Diante disso, surgiu a nova corrente do modelo gerencial, a Nova Gestão Pública (New Public Management), que tinha como diretriz central a ideia de “Fazer Melhor”, ainda que gastando mais. Aqui, verificou-se que melhor do que gastar o mínimo era prestar serviços de qualidade, focando-se no usuário/consumidor (BRESSER, 2001).

Para tanto, houve aumento da competição entre prestadoras de serviço e adoção de novas formas de contratação. A principal crítica foi no sentido de que esta corrente do modelo significou apenas direito de escolha entre os prestadores de serviço, não atendendo realmente ao singular desejo da sociedade, isto é, eficiência (ABRUCIO, 1997).

Destarte, a corrente que emerge para satisfazer o desejo popular foi a da Orientação para o Serviço Público (Public Service Orientation), tendo como principal diretriz “Fazer o que deve ser feito” (ABRUCIO, 1997).

Com essa mudança, os principais objetivos passaram a ser: foco no cidadão, ênfase no desenvolvimento da aprendizagem social, fusão de ideias de gestão dos setores públicos e privados, garantia de participação e responsabilidade social, e transparência com controle social (COSTA, 2015).

Exsurge, pois, com maior destaque, o conceito de accountability, que nada mais é que a prestação de contas da Administração a fim de concretizar a transparência (SCHEDLER, 1999).

Nesse diapasão, temos que: o Gerencialismo Puro tem foco na economia e na eficiência, buscando alcançar os contribuintes; o Consumerismo tem foco na qualidade, alcançando os clientes; e, com foco na equidade, accountability e nos cidadãos (essencialmente pública portanto), tem-se o Public Service Orientation – Orientação para o serviço público (ROCHA, 2011).

Entretanto, o conceito de accountability e a efetividade da participação popular são ainda incipientes no Brasil. Isso porque o corpo político do Estado tem certo receio quanto à realização de consultas populares, vez que podem perder benefícios próprios (BENEVIDES, 2005).

Vislumbra-se, ainda, com a evolução dos modelos de administração, a busca pela máxima efetividade do sistema. Observa-se, também, que a Administração Pública, a fim de melhor administrar, passou a ter como suas atividades principais a atividade regulamentar (por meio das autarquias regulamentares), a prestação de serviços essenciais (saúde e educação) e a exploração de atividades com alto lucro econômico ou que possuam relação com a soberania/segurança nacional, como a exploração do petróleo e gás natural (BRODBEKIER, 2003).

Assine a nossa newsletter! Seja o primeiro a receber nossas novidades exclusivas e recentes diretamente em sua caixa de entrada.
Publique seus artigos

Isso ocorre a fim de evitar que a iniciativa privada busque apenas o lucro, valendo-se da prestação de serviços públicos.
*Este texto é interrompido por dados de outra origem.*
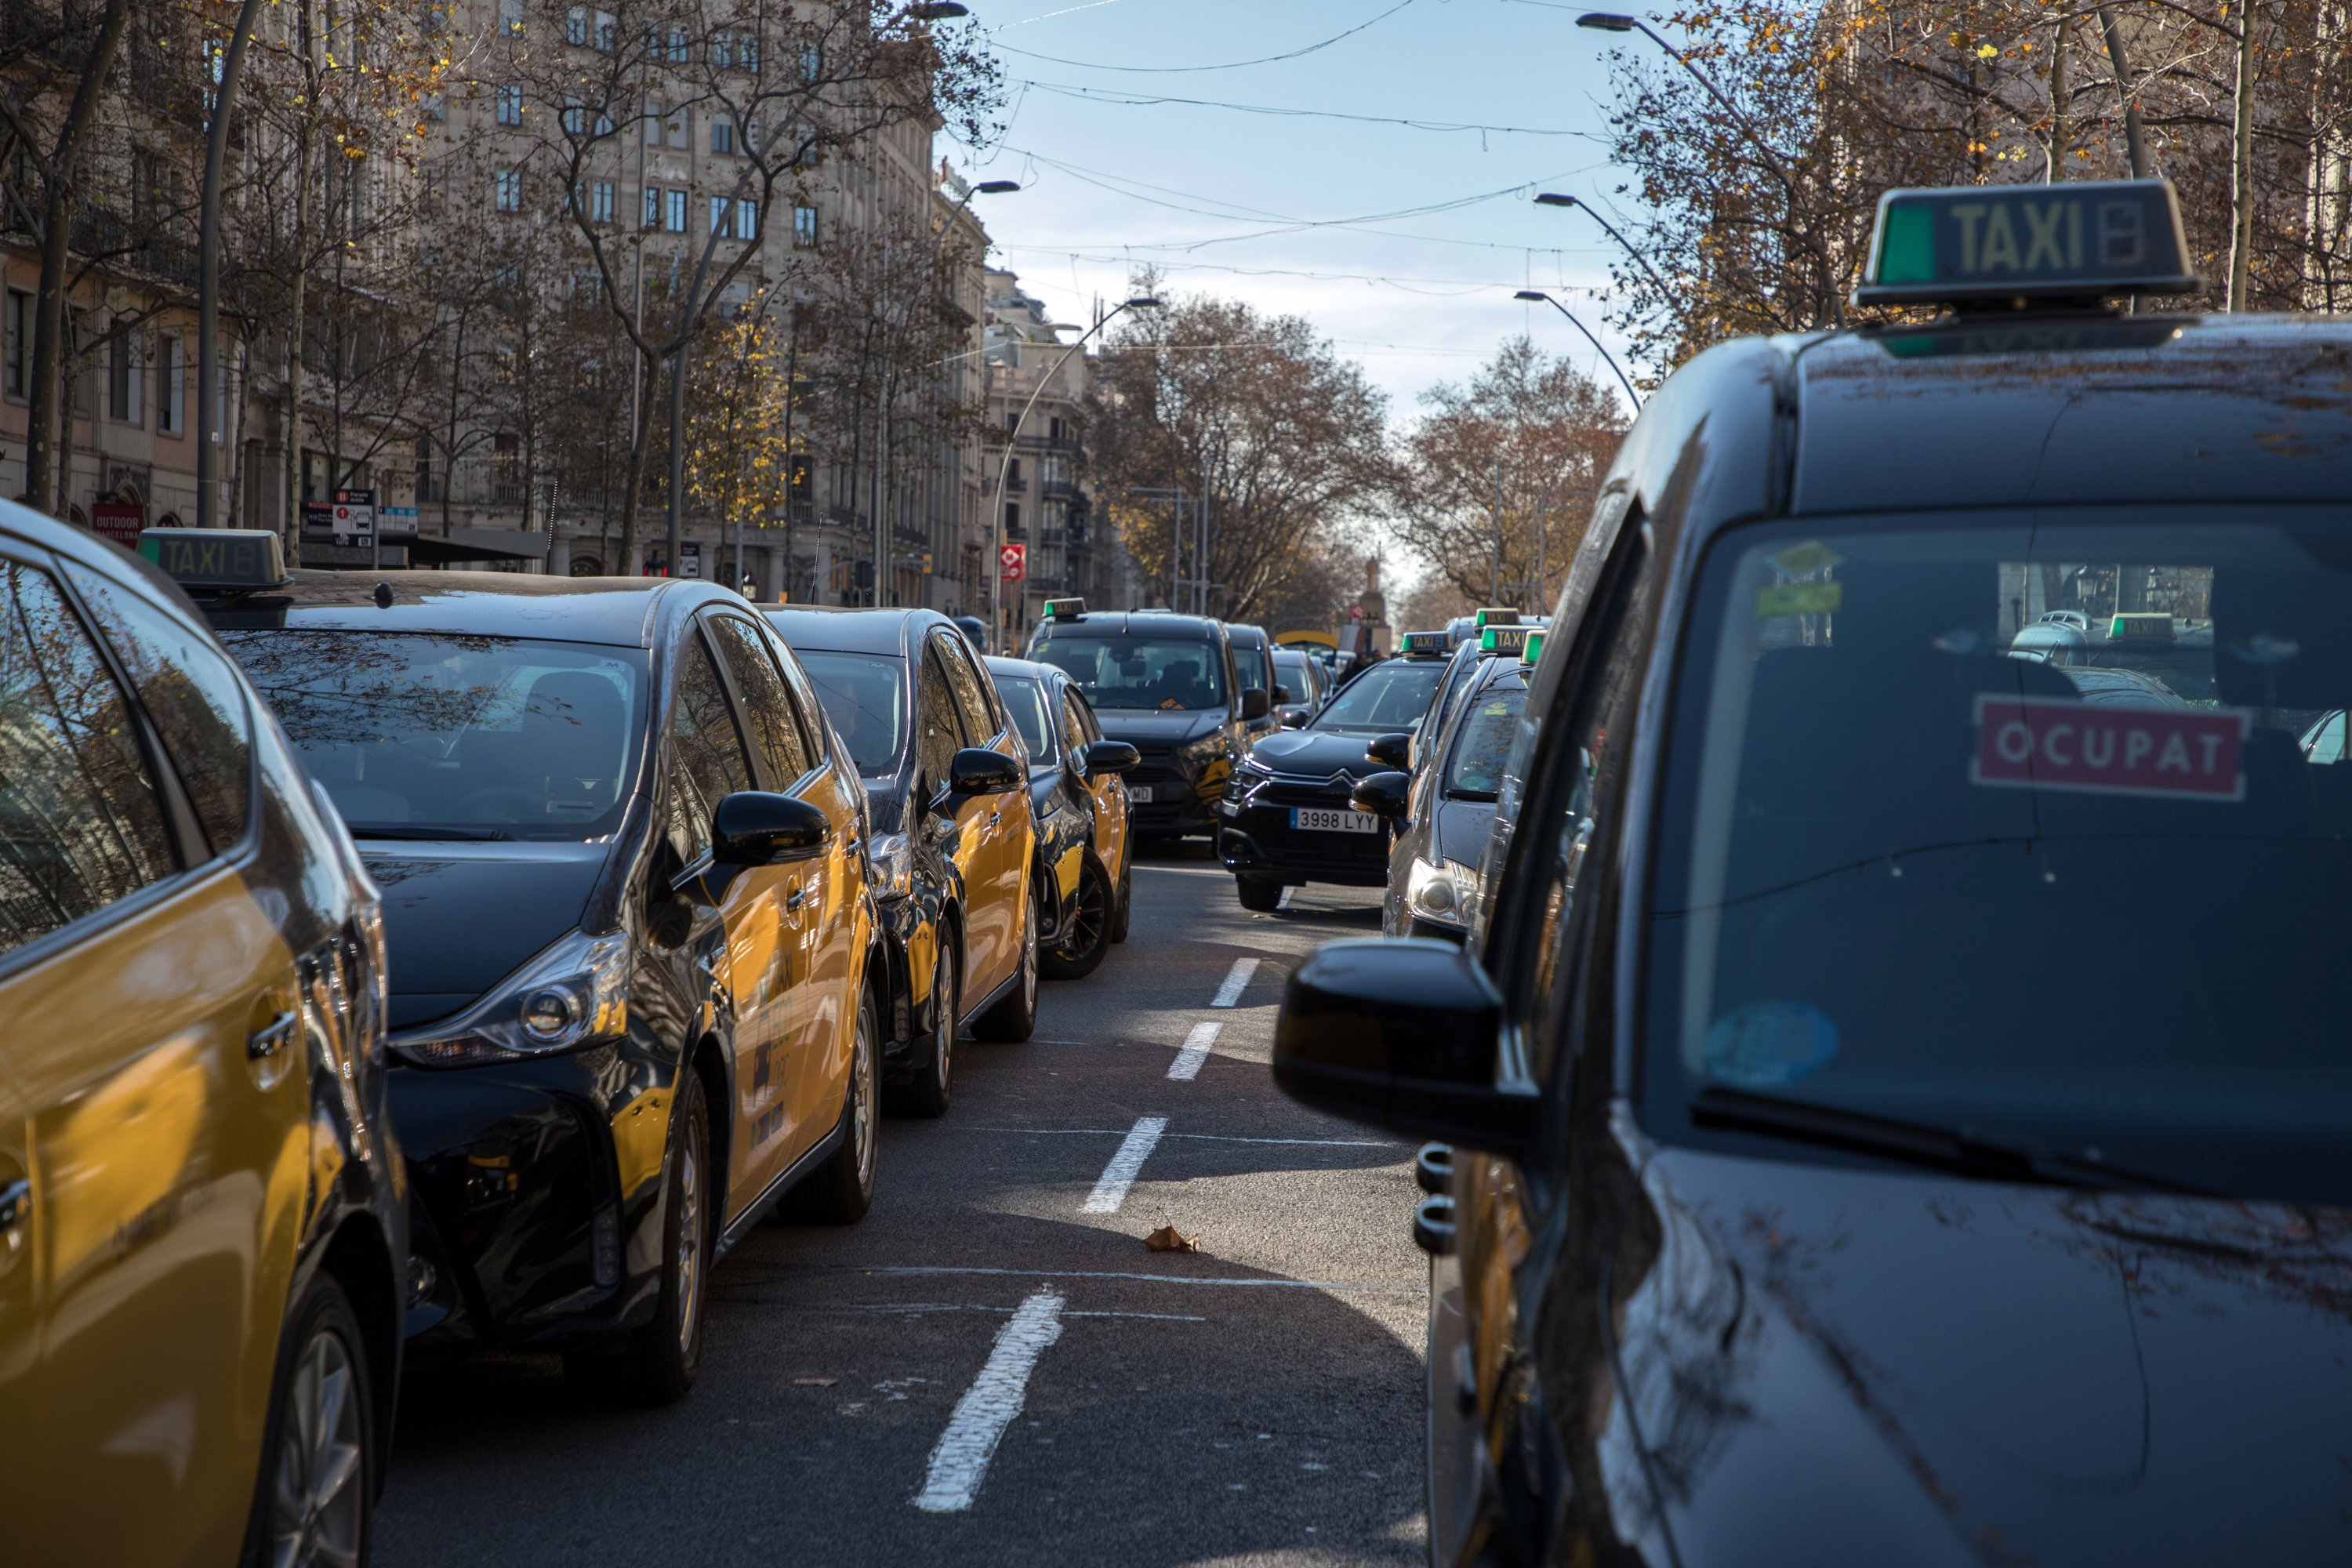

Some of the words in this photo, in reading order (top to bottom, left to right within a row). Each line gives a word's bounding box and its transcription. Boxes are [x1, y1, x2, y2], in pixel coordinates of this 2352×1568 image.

[1950, 201, 2084, 272] TAXI
[96, 516, 139, 528] OUTDOOR
[98, 529, 139, 539] ARCELONA
[165, 539, 226, 575] TAXI
[1054, 602, 1072, 612] TAXI
[1486, 612, 1505, 623] TAXI
[2126, 620, 2154, 634] TAXI
[1413, 636, 1433, 648] TAXI
[1497, 631, 1525, 647] TAXI
[1996, 720, 2225, 775] OCUPAT
[1133, 788, 1149, 800] MD
[1301, 811, 1339, 828] 3998
[1345, 814, 1374, 830] LYY
Assim, a iniciativa privada deve cumprir os ditames da Lei de Serviços Públicos (lei 8.987/95), sob pena de ter sua concessão caducada. Vejamos.
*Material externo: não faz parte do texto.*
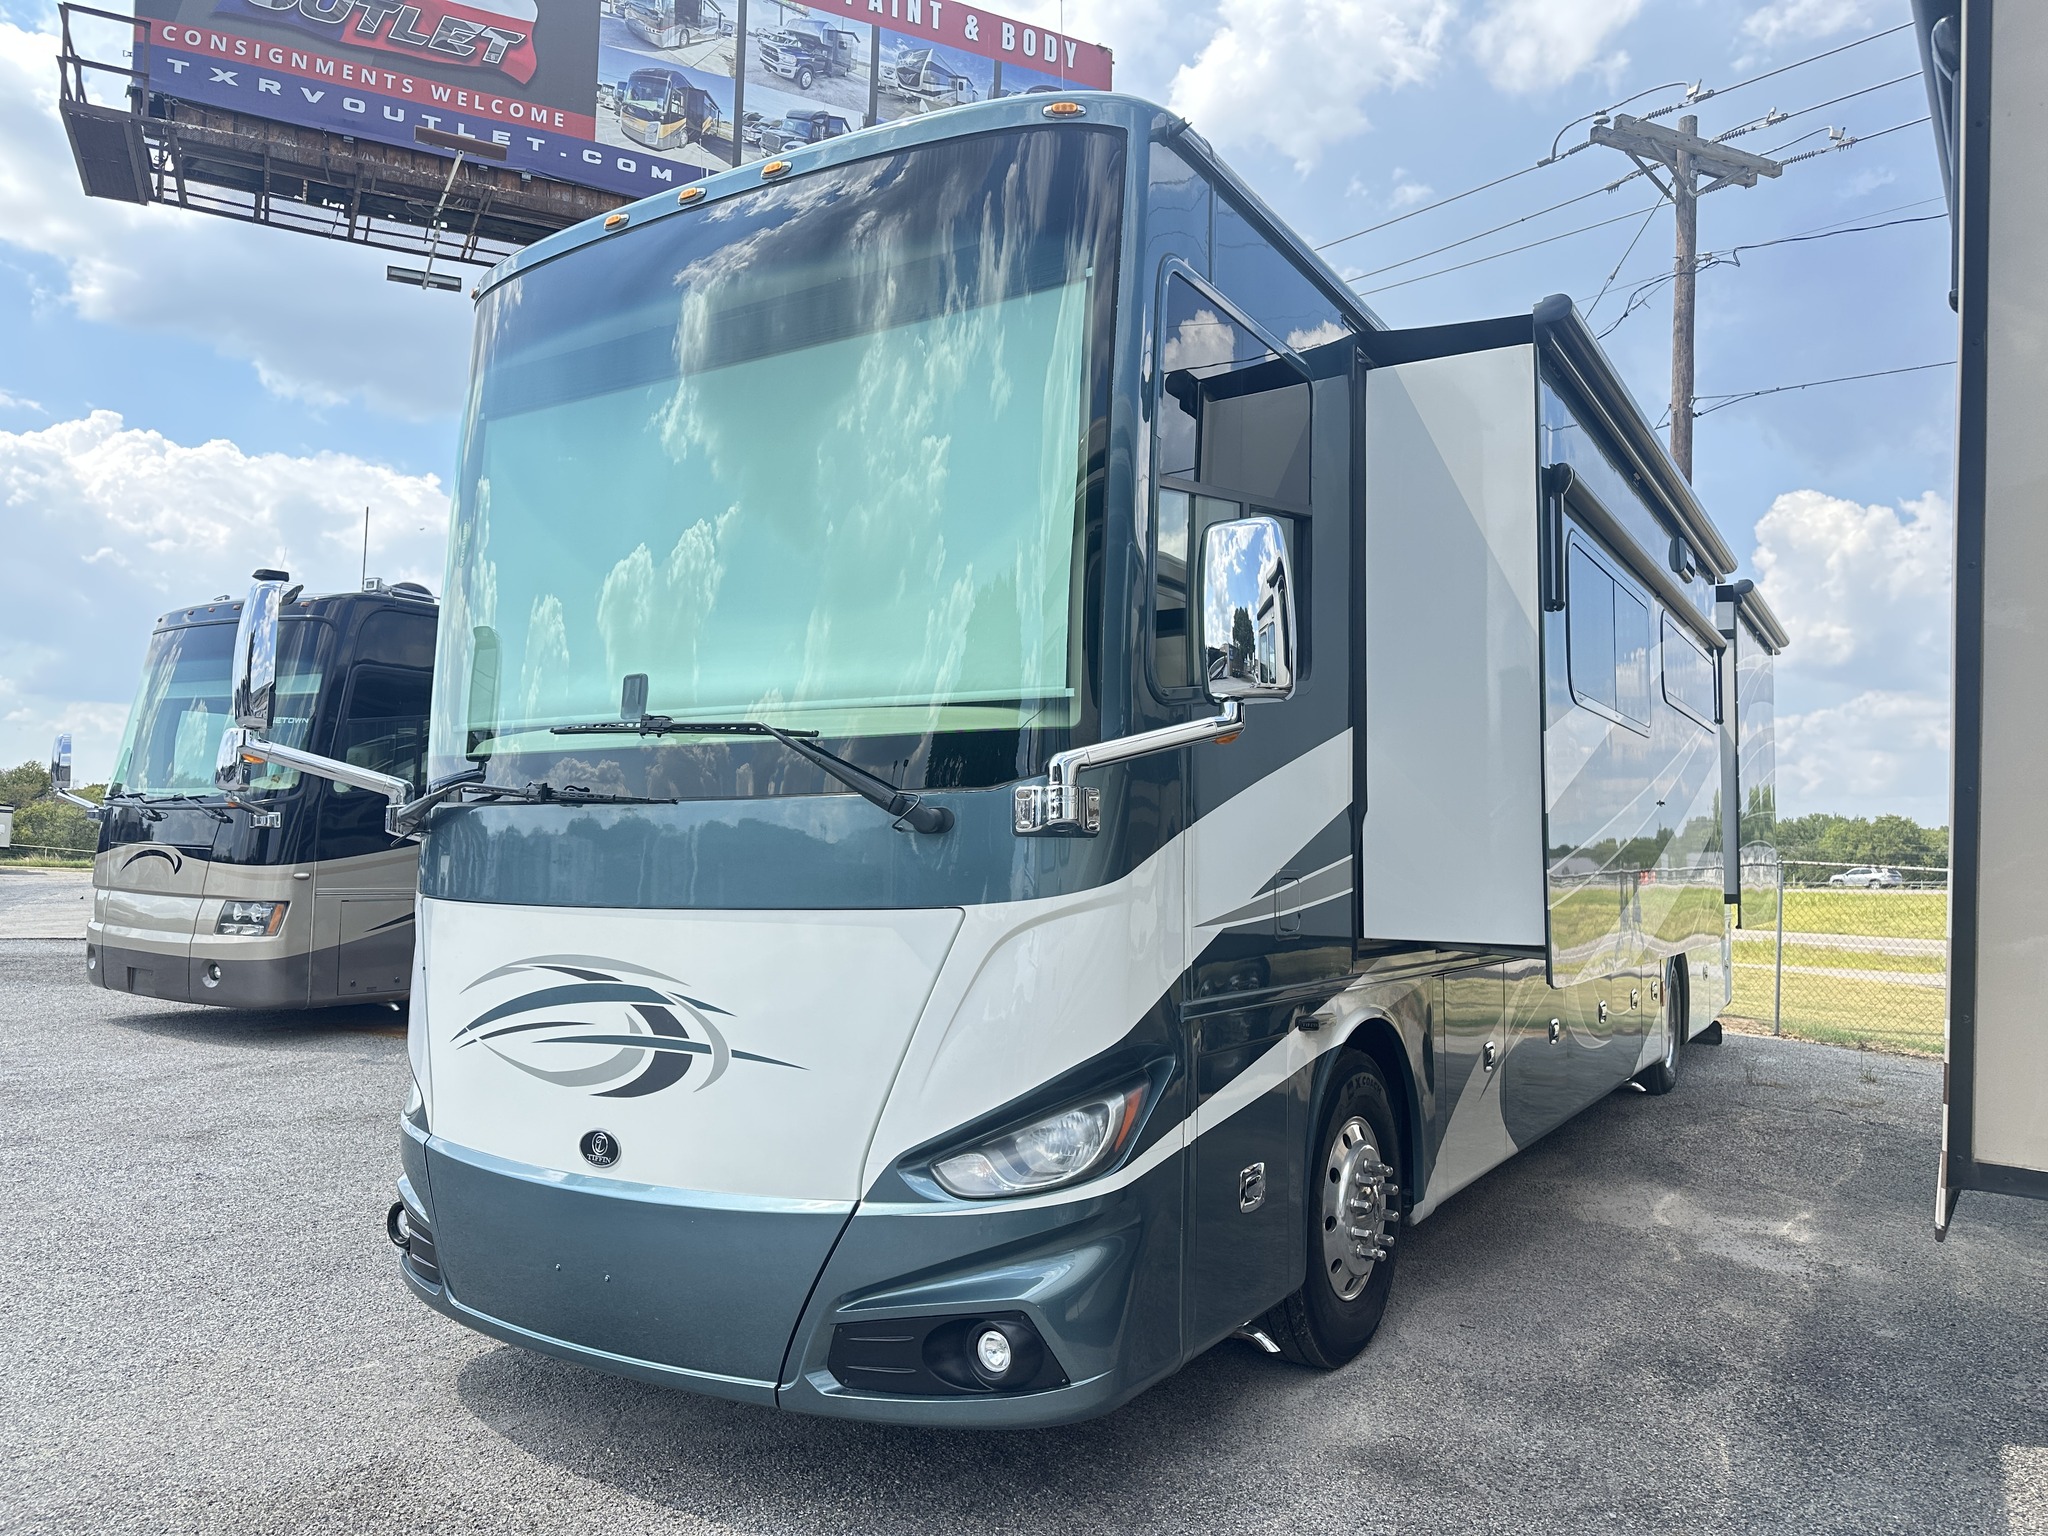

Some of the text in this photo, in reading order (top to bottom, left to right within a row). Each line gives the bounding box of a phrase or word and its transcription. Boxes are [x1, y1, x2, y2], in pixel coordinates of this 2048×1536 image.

Art. 6 - Toda concessão ou permissão pressupõe a prestação de serviço adequado ao pleno atendimento dos usuários, conforme estabelecido nesta Lei, nas normas pertinentes e no respectivo contrato.
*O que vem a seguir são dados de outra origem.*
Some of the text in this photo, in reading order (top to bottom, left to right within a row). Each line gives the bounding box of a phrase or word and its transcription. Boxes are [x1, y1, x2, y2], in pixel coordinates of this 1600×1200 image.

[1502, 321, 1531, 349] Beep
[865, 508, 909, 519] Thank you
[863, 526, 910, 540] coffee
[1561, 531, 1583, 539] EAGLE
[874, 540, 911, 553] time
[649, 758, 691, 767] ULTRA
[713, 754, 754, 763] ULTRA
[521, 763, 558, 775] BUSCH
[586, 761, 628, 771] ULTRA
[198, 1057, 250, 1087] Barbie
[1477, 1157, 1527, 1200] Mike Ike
§ 1o Serviço adequado é o que satisfaz as condições de regularidade, continuidade, eficiência, segurança, atualidade, generalidade, cortesia na sua prestação e modicidade das tarifas. (...) (BRASIL, 1995)

Não realizando a prestação de serviço público adequado, ocorre a caducidade da Prestação do Serviço, que consiste na retomada desta pelo poder público, caso constatado que a iniciativa privada não esteja cumprindo as diretrizes da concessão, a fim de melhor atender o administrado.

2.  DA ADMINISTRAÇÃO PÚBLICA DIGITAL

Como se vislumbrou no tópico preambular, o modelo de Administração Patrimonialista tornou-se obsoleto com o surgimento do modelo Burocrático, tendo este, por sua vez, perdido caminho para o modelo Gerencial.

Com o emergir do modelo Gerencial até os dias hodiernos, a tecnologia da informação evoluiu exponencialmente e informações que anteriormente poderiam demorar dias ou meses para se conseguir, hoje podem ser conseguidas de forma momentânea com um simples toque na tela de um celular.

A tecnologia evoluiu a patamares tão elevados que raramente se observa alguém que não conheça a concepção básica de internet ou que não possua um celular, ou ainda, meios de acesso à rede de computadores. Assim, passa-se a ser ineficiente dirigir-se aos órgãos públicos para obter informações ou realizar atos e manifestações que não dependam de muitas formalidades.

Do mesmo modo, a Administração Pública também é ineficiente quando obriga a sociedade a permanecer em longas filas para ter acesso a informações simples. Destarte, a Administração Pública não pode ficar adstrita ao modelo anterior, sendo necessário evoluir para a plena utilização das tecnologias atuais (CARVALHO FILHO, 2004).

Passa-se, então, a falar do Modelo Digital de Administração Pública, que exsurge para resolver síndromes de ineficiência administrativa, bem como fatores relacionados à economia pública.

A ideia do modelo Digital nada mais é do que implementar tecnologias e estruturas digitais na Administração Pública a fim de melhorar a prestação dos serviços públicos, transpondo barreiras geográficas e burocráticas, bem como disponibilizando, com acesso mais simplório e otimizado, informações necessárias ao público.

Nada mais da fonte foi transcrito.